* **Your instructions**:
Would you give the entries below again, precisely as they are written?
Raw data Block Start
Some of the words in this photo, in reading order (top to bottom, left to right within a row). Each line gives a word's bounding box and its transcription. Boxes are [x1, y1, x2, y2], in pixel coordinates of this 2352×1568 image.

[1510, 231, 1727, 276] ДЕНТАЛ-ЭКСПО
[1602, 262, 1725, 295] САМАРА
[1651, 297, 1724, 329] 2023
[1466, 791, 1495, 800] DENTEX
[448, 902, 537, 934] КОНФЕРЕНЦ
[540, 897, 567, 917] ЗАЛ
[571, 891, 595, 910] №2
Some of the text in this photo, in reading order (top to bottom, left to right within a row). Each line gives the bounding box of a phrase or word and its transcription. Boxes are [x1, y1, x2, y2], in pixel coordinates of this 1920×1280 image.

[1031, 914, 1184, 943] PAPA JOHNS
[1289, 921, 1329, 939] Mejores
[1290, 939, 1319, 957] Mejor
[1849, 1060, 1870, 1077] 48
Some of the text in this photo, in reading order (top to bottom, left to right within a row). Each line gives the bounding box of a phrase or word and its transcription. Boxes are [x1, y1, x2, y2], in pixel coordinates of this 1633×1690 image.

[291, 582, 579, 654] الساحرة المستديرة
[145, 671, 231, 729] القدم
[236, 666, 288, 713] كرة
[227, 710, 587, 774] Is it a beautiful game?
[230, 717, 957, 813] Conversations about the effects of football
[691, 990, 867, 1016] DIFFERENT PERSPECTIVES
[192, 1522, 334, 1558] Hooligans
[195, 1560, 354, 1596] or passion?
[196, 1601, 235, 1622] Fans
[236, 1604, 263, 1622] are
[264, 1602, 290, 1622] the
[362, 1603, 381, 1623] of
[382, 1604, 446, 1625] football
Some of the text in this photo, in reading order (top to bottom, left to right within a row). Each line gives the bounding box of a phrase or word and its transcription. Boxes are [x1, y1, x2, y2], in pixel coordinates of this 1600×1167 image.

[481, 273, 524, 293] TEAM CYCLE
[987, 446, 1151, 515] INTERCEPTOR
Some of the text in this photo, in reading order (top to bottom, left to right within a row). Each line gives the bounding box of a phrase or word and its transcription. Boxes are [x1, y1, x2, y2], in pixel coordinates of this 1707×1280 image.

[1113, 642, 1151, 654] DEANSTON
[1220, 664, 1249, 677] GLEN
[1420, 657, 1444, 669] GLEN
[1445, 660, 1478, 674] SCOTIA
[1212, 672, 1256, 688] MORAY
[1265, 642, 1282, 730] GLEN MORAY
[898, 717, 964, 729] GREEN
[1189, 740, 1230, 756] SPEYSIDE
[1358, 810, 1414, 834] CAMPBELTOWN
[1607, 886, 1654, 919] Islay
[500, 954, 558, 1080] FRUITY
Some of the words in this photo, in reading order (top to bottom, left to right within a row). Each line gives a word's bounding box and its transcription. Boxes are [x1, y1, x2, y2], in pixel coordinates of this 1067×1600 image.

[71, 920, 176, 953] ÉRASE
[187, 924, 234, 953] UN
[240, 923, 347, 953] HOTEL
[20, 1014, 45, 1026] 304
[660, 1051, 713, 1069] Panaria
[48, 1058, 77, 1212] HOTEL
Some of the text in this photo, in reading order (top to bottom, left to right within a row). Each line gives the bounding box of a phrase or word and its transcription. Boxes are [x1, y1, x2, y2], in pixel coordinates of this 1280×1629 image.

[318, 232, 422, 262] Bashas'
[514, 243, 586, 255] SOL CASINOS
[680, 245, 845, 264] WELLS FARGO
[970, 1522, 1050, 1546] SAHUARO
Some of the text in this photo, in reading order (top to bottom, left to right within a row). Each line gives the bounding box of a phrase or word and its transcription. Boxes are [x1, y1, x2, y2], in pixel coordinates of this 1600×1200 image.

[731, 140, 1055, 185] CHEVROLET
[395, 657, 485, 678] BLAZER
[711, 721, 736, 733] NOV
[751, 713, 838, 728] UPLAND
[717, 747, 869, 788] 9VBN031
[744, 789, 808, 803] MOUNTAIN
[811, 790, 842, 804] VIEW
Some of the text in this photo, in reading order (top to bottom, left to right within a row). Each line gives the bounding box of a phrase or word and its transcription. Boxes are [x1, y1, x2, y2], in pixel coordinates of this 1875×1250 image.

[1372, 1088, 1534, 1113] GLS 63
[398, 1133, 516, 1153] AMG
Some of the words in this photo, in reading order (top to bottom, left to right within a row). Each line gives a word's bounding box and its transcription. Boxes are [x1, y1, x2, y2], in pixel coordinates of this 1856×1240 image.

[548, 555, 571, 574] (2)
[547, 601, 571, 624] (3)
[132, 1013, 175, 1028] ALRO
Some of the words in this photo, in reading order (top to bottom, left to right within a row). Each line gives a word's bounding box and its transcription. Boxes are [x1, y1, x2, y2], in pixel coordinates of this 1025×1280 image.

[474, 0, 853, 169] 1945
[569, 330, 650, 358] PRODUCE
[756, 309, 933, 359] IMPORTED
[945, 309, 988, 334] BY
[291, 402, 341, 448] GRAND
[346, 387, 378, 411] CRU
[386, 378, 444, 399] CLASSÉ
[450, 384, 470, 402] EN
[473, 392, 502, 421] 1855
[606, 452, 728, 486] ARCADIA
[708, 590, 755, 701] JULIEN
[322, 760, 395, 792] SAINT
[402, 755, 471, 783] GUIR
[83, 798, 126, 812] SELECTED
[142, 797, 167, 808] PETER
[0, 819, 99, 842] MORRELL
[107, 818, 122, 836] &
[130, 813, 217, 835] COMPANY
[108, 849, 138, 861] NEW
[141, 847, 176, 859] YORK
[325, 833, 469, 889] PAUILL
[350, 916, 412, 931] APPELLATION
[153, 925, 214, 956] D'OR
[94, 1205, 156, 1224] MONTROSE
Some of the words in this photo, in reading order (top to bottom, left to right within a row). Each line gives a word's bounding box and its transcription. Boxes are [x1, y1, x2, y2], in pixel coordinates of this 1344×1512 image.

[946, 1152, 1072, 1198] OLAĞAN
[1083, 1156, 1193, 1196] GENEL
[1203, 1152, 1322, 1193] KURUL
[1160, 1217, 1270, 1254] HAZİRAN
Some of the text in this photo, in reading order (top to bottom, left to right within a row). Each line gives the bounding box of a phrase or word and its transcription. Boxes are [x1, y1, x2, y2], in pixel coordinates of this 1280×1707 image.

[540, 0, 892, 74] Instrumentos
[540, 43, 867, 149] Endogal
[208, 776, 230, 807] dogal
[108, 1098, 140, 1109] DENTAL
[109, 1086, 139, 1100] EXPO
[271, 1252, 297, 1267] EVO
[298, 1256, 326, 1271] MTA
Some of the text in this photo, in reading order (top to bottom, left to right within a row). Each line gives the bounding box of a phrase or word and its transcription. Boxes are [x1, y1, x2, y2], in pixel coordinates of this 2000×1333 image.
Raw data Block End
* **Task response**:
Some of the words in this photo, in reading order (top to bottom, left to right within a row). Each line gives a word's bounding box and its transcription. Boxes are [x1, y1, x2, y2], in pixel coordinates of this 2352×1568 image.

[1510, 231, 1727, 276] ДЕНТАЛ-ЭКСПО
[1602, 262, 1725, 295] САМАРА
[1651, 297, 1724, 329] 2023
[1466, 791, 1495, 800] DENTEX
[448, 902, 537, 934] КОНФЕРЕНЦ
[540, 897, 567, 917] ЗАЛ
[571, 891, 595, 910] №2
Some of the text in this photo, in reading order (top to bottom, left to right within a row). Each line gives the bounding box of a phrase or word and its transcription. Boxes are [x1, y1, x2, y2], in pixel coordinates of this 1920×1280 image.

[1031, 914, 1184, 943] PAPA JOHNS
[1289, 921, 1329, 939] Mejores
[1290, 939, 1319, 957] Mejor
[1849, 1060, 1870, 1077] 48
Some of the text in this photo, in reading order (top to bottom, left to right within a row). Each line gives the bounding box of a phrase or word and its transcription. Boxes are [x1, y1, x2, y2], in pixel coordinates of this 1633×1690 image.

[291, 582, 579, 654] الساحرة المستديرة
[145, 671, 231, 729] القدم
[236, 666, 288, 713] كرة
[227, 710, 587, 774] Is it a beautiful game?
[230, 717, 957, 813] Conversations about the effects of football
[691, 990, 867, 1016] DIFFERENT PERSPECTIVES
[192, 1522, 334, 1558] Hooligans
[195, 1560, 354, 1596] or passion?
[196, 1601, 235, 1622] Fans
[236, 1604, 263, 1622] are
[264, 1602, 290, 1622] the
[362, 1603, 381, 1623] of
[382, 1604, 446, 1625] football
Some of the text in this photo, in reading order (top to bottom, left to right within a row). Each line gives the bounding box of a phrase or word and its transcription. Boxes are [x1, y1, x2, y2], in pixel coordinates of this 1600×1167 image.

[481, 273, 524, 293] TEAM CYCLE
[987, 446, 1151, 515] INTERCEPTOR
Some of the text in this photo, in reading order (top to bottom, left to right within a row). Each line gives the bounding box of a phrase or word and its transcription. Boxes are [x1, y1, x2, y2], in pixel coordinates of this 1707×1280 image.

[1113, 642, 1151, 654] DEANSTON
[1220, 664, 1249, 677] GLEN
[1420, 657, 1444, 669] GLEN
[1445, 660, 1478, 674] SCOTIA
[1212, 672, 1256, 688] MORAY
[1265, 642, 1282, 730] GLEN MORAY
[898, 717, 964, 729] GREEN
[1189, 740, 1230, 756] SPEYSIDE
[1358, 810, 1414, 834] CAMPBELTOWN
[1607, 886, 1654, 919] Islay
[500, 954, 558, 1080] FRUITY
Some of the words in this photo, in reading order (top to bottom, left to right within a row). Each line gives a word's bounding box and its transcription. Boxes are [x1, y1, x2, y2], in pixel coordinates of this 1067×1600 image.

[71, 920, 176, 953] ÉRASE
[187, 924, 234, 953] UN
[240, 923, 347, 953] HOTEL
[20, 1014, 45, 1026] 304
[660, 1051, 713, 1069] Panaria
[48, 1058, 77, 1212] HOTEL
Some of the text in this photo, in reading order (top to bottom, left to right within a row). Each line gives the bounding box of a phrase or word and its transcription. Boxes are [x1, y1, x2, y2], in pixel coordinates of this 1280×1629 image.

[318, 232, 422, 262] Bashas'
[514, 243, 586, 255] SOL CASINOS
[680, 245, 845, 264] WELLS FARGO
[970, 1522, 1050, 1546] SAHUARO
Some of the text in this photo, in reading order (top to bottom, left to right within a row). Each line gives the bounding box of a phrase or word and its transcription. Boxes are [x1, y1, x2, y2], in pixel coordinates of this 1600×1200 image.

[731, 140, 1055, 185] CHEVROLET
[395, 657, 485, 678] BLAZER
[711, 721, 736, 733] NOV
[751, 713, 838, 728] UPLAND
[717, 747, 869, 788] 9VBN031
[744, 789, 808, 803] MOUNTAIN
[811, 790, 842, 804] VIEW
Some of the text in this photo, in reading order (top to bottom, left to right within a row). Each line gives the bounding box of a phrase or word and its transcription. Boxes are [x1, y1, x2, y2], in pixel coordinates of this 1875×1250 image.

[1372, 1088, 1534, 1113] GLS 63
[398, 1133, 516, 1153] AMG
Some of the words in this photo, in reading order (top to bottom, left to right within a row). Each line gives a word's bounding box and its transcription. Boxes are [x1, y1, x2, y2], in pixel coordinates of this 1856×1240 image.

[548, 555, 571, 574] (2)
[547, 601, 571, 624] (3)
[132, 1013, 175, 1028] ALRO
Some of the words in this photo, in reading order (top to bottom, left to right within a row). Each line gives a word's bounding box and its transcription. Boxes are [x1, y1, x2, y2], in pixel coordinates of this 1025×1280 image.

[474, 0, 853, 169] 1945
[569, 330, 650, 358] PRODUCE
[756, 309, 933, 359] IMPORTED
[945, 309, 988, 334] BY
[291, 402, 341, 448] GRAND
[346, 387, 378, 411] CRU
[386, 378, 444, 399] CLASSÉ
[450, 384, 470, 402] EN
[473, 392, 502, 421] 1855
[606, 452, 728, 486] ARCADIA
[708, 590, 755, 701] JULIEN
[322, 760, 395, 792] SAINT
[402, 755, 471, 783] GUIR
[83, 798, 126, 812] SELECTED
[142, 797, 167, 808] PETER
[0, 819, 99, 842] MORRELL
[107, 818, 122, 836] &
[130, 813, 217, 835] COMPANY
[108, 849, 138, 861] NEW
[141, 847, 176, 859] YORK
[325, 833, 469, 889] PAUILL
[350, 916, 412, 931] APPELLATION
[153, 925, 214, 956] D'OR
[94, 1205, 156, 1224] MONTROSE
Some of the words in this photo, in reading order (top to bottom, left to right within a row). Each line gives a word's bounding box and its transcription. Boxes are [x1, y1, x2, y2], in pixel coordinates of this 1344×1512 image.

[946, 1152, 1072, 1198] OLAĞAN
[1083, 1156, 1193, 1196] GENEL
[1203, 1152, 1322, 1193] KURUL
[1160, 1217, 1270, 1254] HAZİRAN
Some of the text in this photo, in reading order (top to bottom, left to right within a row). Each line gives the bounding box of a phrase or word and its transcription. Boxes are [x1, y1, x2, y2], in pixel coordinates of this 1280×1707 image.

[540, 0, 892, 74] Instrumentos
[540, 43, 867, 149] Endogal
[208, 776, 230, 807] dogal
[108, 1098, 140, 1109] DENTAL
[109, 1086, 139, 1100] EXPO
[271, 1252, 297, 1267] EVO
[298, 1256, 326, 1271] MTA
Some of the text in this photo, in reading order (top to bottom, left to right within a row). Each line gives the bounding box of a phrase or word and its transcription. Boxes are [x1, y1, x2, y2], in pixel coordinates of this 2000×1333 image.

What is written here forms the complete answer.